■ **PROBLEM TO SOLVE**:
Would you please repeat all of the data exactly, omitting the pictures?

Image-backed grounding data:
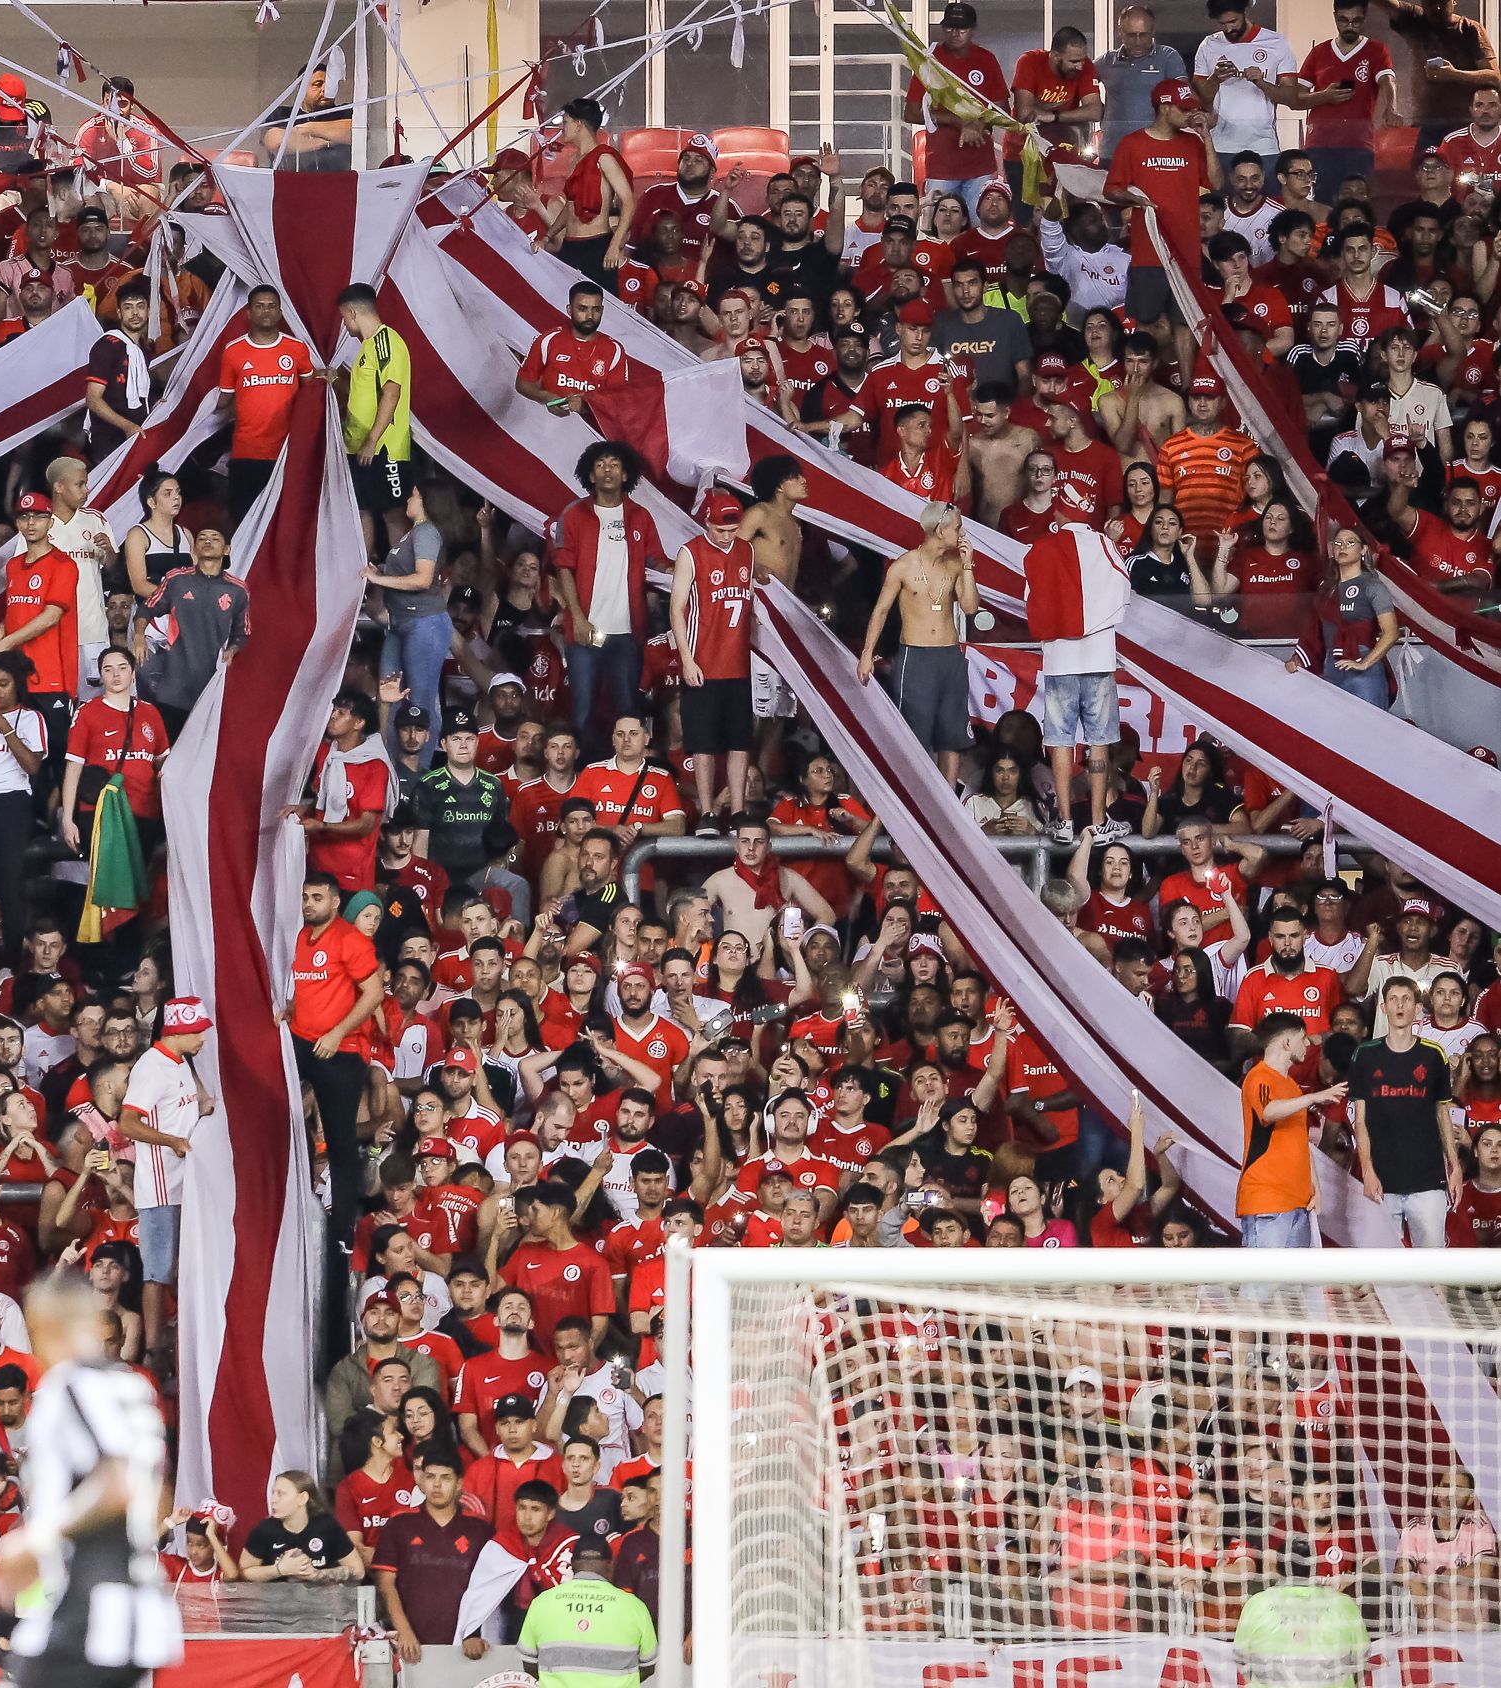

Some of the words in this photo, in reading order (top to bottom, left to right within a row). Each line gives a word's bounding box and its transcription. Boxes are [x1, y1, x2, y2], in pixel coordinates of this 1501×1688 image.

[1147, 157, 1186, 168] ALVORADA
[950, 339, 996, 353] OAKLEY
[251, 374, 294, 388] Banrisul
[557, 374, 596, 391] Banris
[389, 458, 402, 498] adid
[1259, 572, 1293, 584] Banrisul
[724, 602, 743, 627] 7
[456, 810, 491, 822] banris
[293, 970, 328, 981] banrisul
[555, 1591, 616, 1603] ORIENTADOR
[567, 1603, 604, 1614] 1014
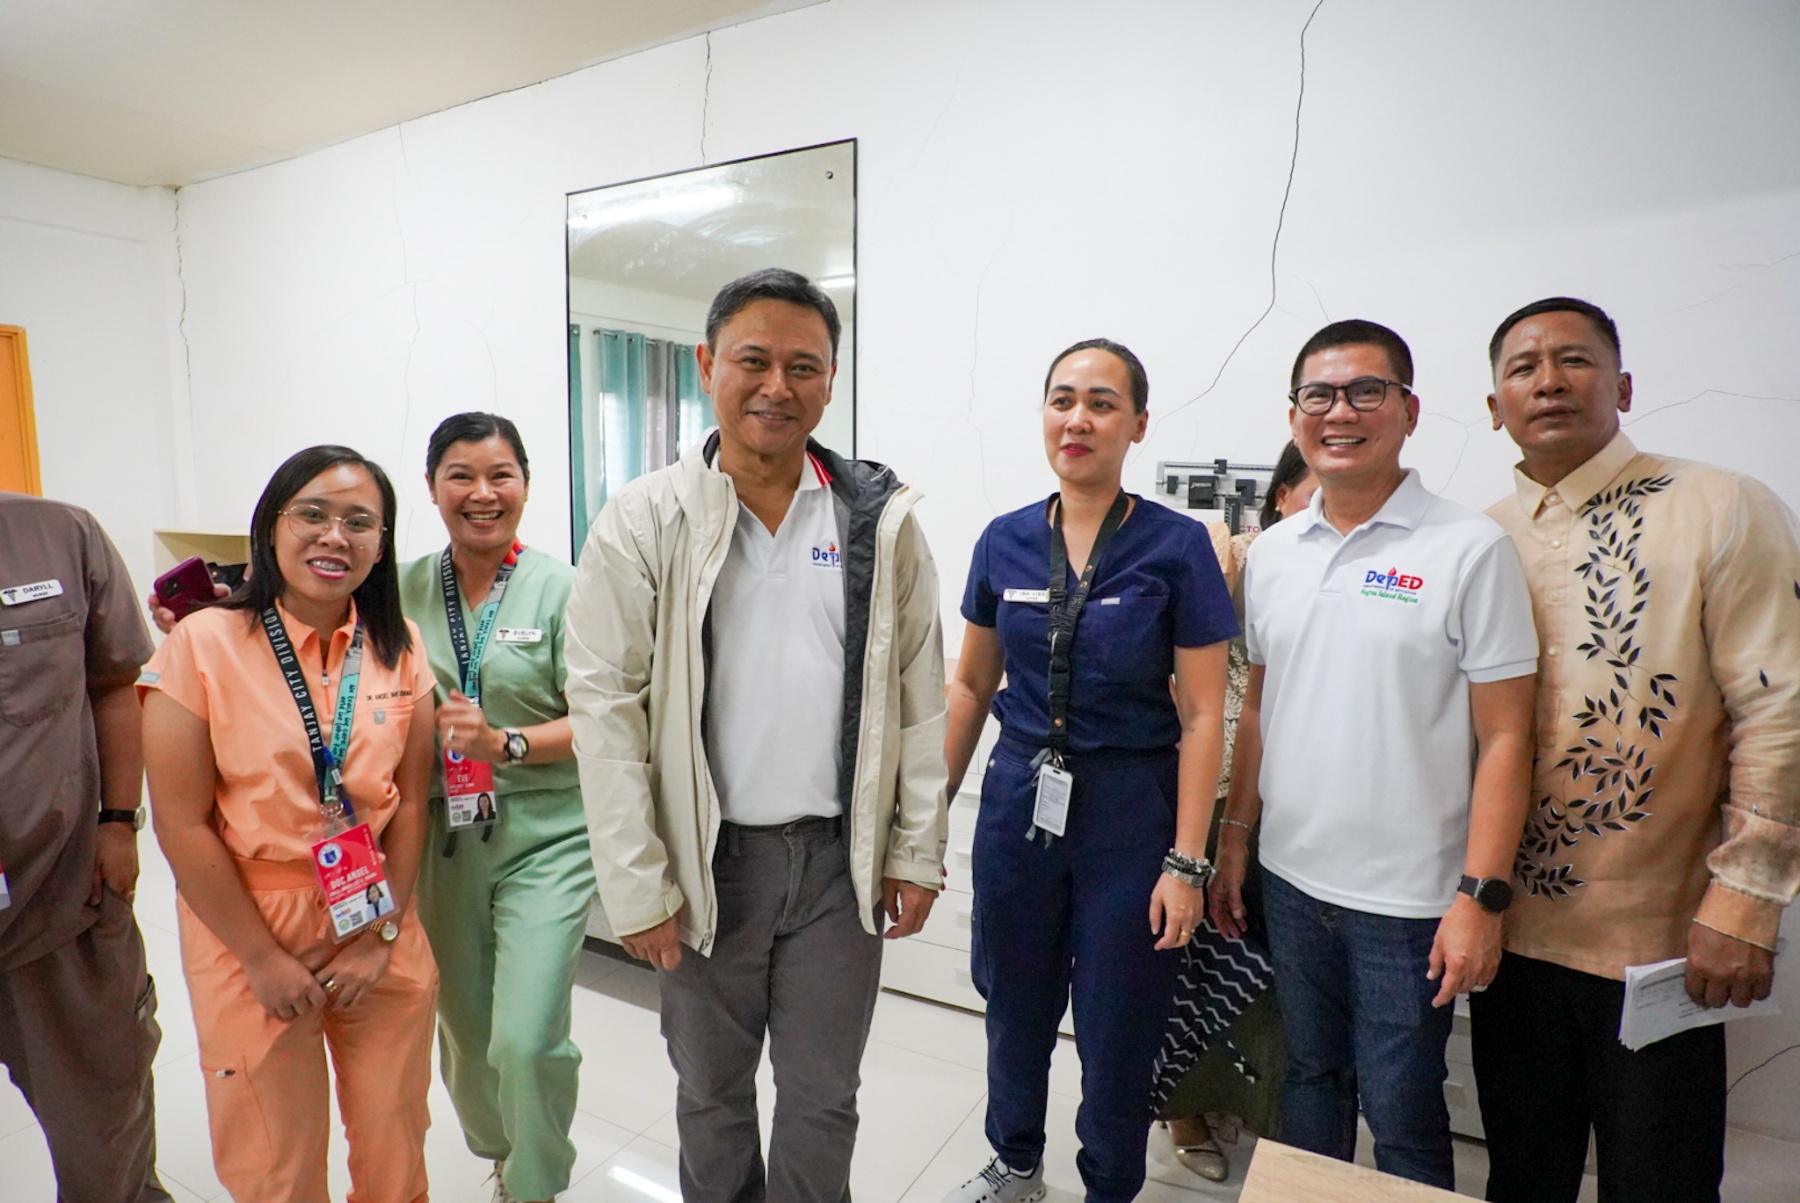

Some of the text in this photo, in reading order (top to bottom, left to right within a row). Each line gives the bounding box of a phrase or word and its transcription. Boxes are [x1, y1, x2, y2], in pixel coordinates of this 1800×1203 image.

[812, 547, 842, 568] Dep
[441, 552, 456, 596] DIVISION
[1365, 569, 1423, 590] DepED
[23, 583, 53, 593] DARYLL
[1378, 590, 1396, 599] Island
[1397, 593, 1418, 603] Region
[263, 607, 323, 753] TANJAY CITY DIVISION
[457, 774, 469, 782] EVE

■ **RESPONSE AREA**:
Some of the words in this photo, in reading order (top to bottom, left to right within a row). Each line gives a word's bounding box and its transcription. Boxes are [x1, y1, x2, y2], in pixel coordinates of this 1501×1688 image.

[1147, 157, 1186, 168] ALVORADA
[950, 339, 996, 353] OAKLEY
[251, 374, 294, 388] Banrisul
[557, 374, 596, 391] Banris
[389, 458, 402, 498] adid
[1259, 572, 1293, 584] Banrisul
[724, 602, 743, 627] 7
[456, 810, 491, 822] banris
[293, 970, 328, 981] banrisul
[555, 1591, 616, 1603] ORIENTADOR
[567, 1603, 604, 1614] 1014

Some of the text in this photo, in reading order (top to bottom, left to right within a row). Each line gives the bounding box of a phrase or word and its transcription. Boxes are [x1, y1, x2, y2], in pixel coordinates of this 1800×1203 image.

[812, 547, 842, 568] Dep
[441, 552, 456, 596] DIVISION
[1365, 569, 1423, 590] DepED
[23, 583, 53, 593] DARYLL
[1378, 590, 1396, 599] Island
[1397, 593, 1418, 603] Region
[263, 607, 323, 753] TANJAY CITY DIVISION
[457, 774, 469, 782] EVE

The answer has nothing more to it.